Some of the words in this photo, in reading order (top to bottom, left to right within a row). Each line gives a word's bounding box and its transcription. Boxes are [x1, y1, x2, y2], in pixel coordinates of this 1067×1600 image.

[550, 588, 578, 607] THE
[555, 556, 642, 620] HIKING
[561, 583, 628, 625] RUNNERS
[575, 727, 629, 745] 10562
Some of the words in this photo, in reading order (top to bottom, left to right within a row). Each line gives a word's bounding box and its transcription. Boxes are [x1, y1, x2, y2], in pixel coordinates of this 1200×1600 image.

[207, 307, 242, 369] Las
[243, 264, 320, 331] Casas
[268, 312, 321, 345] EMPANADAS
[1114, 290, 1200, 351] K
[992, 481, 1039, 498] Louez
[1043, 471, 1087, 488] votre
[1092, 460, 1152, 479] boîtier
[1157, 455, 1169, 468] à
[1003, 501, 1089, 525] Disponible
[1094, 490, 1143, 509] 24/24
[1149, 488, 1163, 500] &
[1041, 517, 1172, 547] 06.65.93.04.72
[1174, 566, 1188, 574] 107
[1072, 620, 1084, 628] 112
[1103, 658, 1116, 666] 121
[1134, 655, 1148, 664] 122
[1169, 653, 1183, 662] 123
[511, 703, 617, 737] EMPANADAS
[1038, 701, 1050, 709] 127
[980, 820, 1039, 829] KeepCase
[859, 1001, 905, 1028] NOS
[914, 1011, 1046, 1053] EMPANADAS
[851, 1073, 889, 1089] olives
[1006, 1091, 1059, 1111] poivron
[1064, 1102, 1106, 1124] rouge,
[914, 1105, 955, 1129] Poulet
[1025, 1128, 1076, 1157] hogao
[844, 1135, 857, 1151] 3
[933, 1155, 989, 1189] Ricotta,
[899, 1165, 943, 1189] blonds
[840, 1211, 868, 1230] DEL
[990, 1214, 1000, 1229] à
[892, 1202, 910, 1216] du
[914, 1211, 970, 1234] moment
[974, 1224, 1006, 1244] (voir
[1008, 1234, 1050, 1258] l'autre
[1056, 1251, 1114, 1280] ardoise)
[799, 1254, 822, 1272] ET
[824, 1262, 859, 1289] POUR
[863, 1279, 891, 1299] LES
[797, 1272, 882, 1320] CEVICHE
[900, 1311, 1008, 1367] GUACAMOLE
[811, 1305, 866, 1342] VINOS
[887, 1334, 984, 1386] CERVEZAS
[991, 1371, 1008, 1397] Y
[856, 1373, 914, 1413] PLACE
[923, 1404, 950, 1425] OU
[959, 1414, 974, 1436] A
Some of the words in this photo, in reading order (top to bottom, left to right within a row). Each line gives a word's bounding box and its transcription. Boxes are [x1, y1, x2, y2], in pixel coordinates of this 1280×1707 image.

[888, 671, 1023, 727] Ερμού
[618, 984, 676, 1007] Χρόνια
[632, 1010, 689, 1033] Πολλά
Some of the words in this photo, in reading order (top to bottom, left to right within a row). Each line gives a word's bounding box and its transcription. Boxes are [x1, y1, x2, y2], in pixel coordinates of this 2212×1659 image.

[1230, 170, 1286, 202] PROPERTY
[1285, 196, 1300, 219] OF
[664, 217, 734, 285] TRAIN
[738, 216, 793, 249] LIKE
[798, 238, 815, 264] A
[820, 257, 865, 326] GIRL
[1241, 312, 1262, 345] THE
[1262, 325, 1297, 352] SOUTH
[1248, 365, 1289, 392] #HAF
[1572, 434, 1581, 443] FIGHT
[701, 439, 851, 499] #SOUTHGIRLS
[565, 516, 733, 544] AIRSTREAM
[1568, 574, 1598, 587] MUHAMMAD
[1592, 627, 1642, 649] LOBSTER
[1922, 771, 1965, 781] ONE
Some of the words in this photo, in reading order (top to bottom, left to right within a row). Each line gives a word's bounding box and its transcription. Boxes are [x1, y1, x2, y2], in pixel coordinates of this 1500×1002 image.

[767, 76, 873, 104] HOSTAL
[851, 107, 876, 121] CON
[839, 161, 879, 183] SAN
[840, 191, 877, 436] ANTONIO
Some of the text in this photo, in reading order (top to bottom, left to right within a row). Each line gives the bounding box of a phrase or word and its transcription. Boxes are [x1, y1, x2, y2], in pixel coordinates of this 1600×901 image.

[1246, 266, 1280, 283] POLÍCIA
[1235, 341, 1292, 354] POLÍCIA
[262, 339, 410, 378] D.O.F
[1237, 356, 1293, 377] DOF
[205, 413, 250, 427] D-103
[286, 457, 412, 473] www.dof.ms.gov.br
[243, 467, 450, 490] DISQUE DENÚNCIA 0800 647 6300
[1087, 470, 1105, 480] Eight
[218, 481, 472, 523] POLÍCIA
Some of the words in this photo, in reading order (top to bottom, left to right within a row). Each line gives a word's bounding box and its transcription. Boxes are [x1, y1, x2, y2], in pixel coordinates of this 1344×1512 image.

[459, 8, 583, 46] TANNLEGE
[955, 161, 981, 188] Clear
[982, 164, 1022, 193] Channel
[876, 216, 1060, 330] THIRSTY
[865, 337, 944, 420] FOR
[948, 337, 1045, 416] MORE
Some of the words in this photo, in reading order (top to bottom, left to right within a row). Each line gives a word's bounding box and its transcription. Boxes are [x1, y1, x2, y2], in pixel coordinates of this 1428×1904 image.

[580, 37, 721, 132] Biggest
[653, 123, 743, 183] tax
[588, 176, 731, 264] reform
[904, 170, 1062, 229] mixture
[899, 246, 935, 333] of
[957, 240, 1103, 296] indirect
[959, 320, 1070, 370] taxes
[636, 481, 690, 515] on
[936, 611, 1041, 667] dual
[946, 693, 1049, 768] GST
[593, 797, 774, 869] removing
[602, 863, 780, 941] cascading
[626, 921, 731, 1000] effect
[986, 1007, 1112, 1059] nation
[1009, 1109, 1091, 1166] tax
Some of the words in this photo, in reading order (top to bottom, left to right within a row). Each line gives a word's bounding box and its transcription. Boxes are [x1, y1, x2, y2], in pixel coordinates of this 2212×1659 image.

==============================

_What is expected:_ Please reproduce the whole listing exactly, omitting no line.

_Written answer:_
Some of the words in this photo, in reading order (top to bottom, left to right within a row). Each line gives a word's bounding box and its transcription. Boxes are [x1, y1, x2, y2], in pixel coordinates of this 1067×1600 image.

[550, 588, 578, 607] THE
[555, 556, 642, 620] HIKING
[561, 583, 628, 625] RUNNERS
[575, 727, 629, 745] 10562
Some of the words in this photo, in reading order (top to bottom, left to right within a row). Each line gives a word's bounding box and its transcription. Boxes are [x1, y1, x2, y2], in pixel coordinates of this 1200×1600 image.

[207, 307, 242, 369] Las
[243, 264, 320, 331] Casas
[268, 312, 321, 345] EMPANADAS
[1114, 290, 1200, 351] K
[992, 481, 1039, 498] Louez
[1043, 471, 1087, 488] votre
[1092, 460, 1152, 479] boîtier
[1157, 455, 1169, 468] à
[1003, 501, 1089, 525] Disponible
[1094, 490, 1143, 509] 24/24
[1149, 488, 1163, 500] &
[1041, 517, 1172, 547] 06.65.93.04.72
[1174, 566, 1188, 574] 107
[1072, 620, 1084, 628] 112
[1103, 658, 1116, 666] 121
[1134, 655, 1148, 664] 122
[1169, 653, 1183, 662] 123
[511, 703, 617, 737] EMPANADAS
[1038, 701, 1050, 709] 127
[980, 820, 1039, 829] KeepCase
[859, 1001, 905, 1028] NOS
[914, 1011, 1046, 1053] EMPANADAS
[851, 1073, 889, 1089] olives
[1006, 1091, 1059, 1111] poivron
[1064, 1102, 1106, 1124] rouge,
[914, 1105, 955, 1129] Poulet
[1025, 1128, 1076, 1157] hogao
[844, 1135, 857, 1151] 3
[933, 1155, 989, 1189] Ricotta,
[899, 1165, 943, 1189] blonds
[840, 1211, 868, 1230] DEL
[990, 1214, 1000, 1229] à
[892, 1202, 910, 1216] du
[914, 1211, 970, 1234] moment
[974, 1224, 1006, 1244] (voir
[1008, 1234, 1050, 1258] l'autre
[1056, 1251, 1114, 1280] ardoise)
[799, 1254, 822, 1272] ET
[824, 1262, 859, 1289] POUR
[863, 1279, 891, 1299] LES
[797, 1272, 882, 1320] CEVICHE
[900, 1311, 1008, 1367] GUACAMOLE
[811, 1305, 866, 1342] VINOS
[887, 1334, 984, 1386] CERVEZAS
[991, 1371, 1008, 1397] Y
[856, 1373, 914, 1413] PLACE
[923, 1404, 950, 1425] OU
[959, 1414, 974, 1436] A
Some of the words in this photo, in reading order (top to bottom, left to right within a row). Each line gives a word's bounding box and its transcription. Boxes are [x1, y1, x2, y2], in pixel coordinates of this 1280×1707 image.

[888, 671, 1023, 727] Ερμού
[618, 984, 676, 1007] Χρόνια
[632, 1010, 689, 1033] Πολλά
Some of the words in this photo, in reading order (top to bottom, left to right within a row). Each line gives a word's bounding box and its transcription. Boxes are [x1, y1, x2, y2], in pixel coordinates of this 2212×1659 image.

[1230, 170, 1286, 202] PROPERTY
[1285, 196, 1300, 219] OF
[664, 217, 734, 285] TRAIN
[738, 216, 793, 249] LIKE
[798, 238, 815, 264] A
[820, 257, 865, 326] GIRL
[1241, 312, 1262, 345] THE
[1262, 325, 1297, 352] SOUTH
[1248, 365, 1289, 392] #HAF
[1572, 434, 1581, 443] FIGHT
[701, 439, 851, 499] #SOUTHGIRLS
[565, 516, 733, 544] AIRSTREAM
[1568, 574, 1598, 587] MUHAMMAD
[1592, 627, 1642, 649] LOBSTER
[1922, 771, 1965, 781] ONE
Some of the words in this photo, in reading order (top to bottom, left to right within a row). Each line gives a word's bounding box and its transcription. Boxes are [x1, y1, x2, y2], in pixel coordinates of this 1500×1002 image.

[767, 76, 873, 104] HOSTAL
[851, 107, 876, 121] CON
[839, 161, 879, 183] SAN
[840, 191, 877, 436] ANTONIO
Some of the text in this photo, in reading order (top to bottom, left to right within a row). Each line gives the bounding box of a phrase or word and its transcription. Boxes are [x1, y1, x2, y2], in pixel coordinates of this 1600×901 image.

[1246, 266, 1280, 283] POLÍCIA
[1235, 341, 1292, 354] POLÍCIA
[262, 339, 410, 378] D.O.F
[1237, 356, 1293, 377] DOF
[205, 413, 250, 427] D-103
[286, 457, 412, 473] www.dof.ms.gov.br
[243, 467, 450, 490] DISQUE DENÚNCIA 0800 647 6300
[1087, 470, 1105, 480] Eight
[218, 481, 472, 523] POLÍCIA
Some of the words in this photo, in reading order (top to bottom, left to right within a row). Each line gives a word's bounding box and its transcription. Boxes are [x1, y1, x2, y2], in pixel coordinates of this 1344×1512 image.

[459, 8, 583, 46] TANNLEGE
[955, 161, 981, 188] Clear
[982, 164, 1022, 193] Channel
[876, 216, 1060, 330] THIRSTY
[865, 337, 944, 420] FOR
[948, 337, 1045, 416] MORE
Some of the words in this photo, in reading order (top to bottom, left to right within a row). Each line gives a word's bounding box and its transcription. Boxes are [x1, y1, x2, y2], in pixel coordinates of this 1428×1904 image.

[580, 37, 721, 132] Biggest
[653, 123, 743, 183] tax
[588, 176, 731, 264] reform
[904, 170, 1062, 229] mixture
[899, 246, 935, 333] of
[957, 240, 1103, 296] indirect
[959, 320, 1070, 370] taxes
[636, 481, 690, 515] on
[936, 611, 1041, 667] dual
[946, 693, 1049, 768] GST
[593, 797, 774, 869] removing
[602, 863, 780, 941] cascading
[626, 921, 731, 1000] effect
[986, 1007, 1112, 1059] nation
[1009, 1109, 1091, 1166] tax
Some of the words in this photo, in reading order (top to bottom, left to right within a row). Each line gives a word's bounding box and its transcription. Boxes are [x1, y1, x2, y2], in pixel coordinates of this 2212×1659 image.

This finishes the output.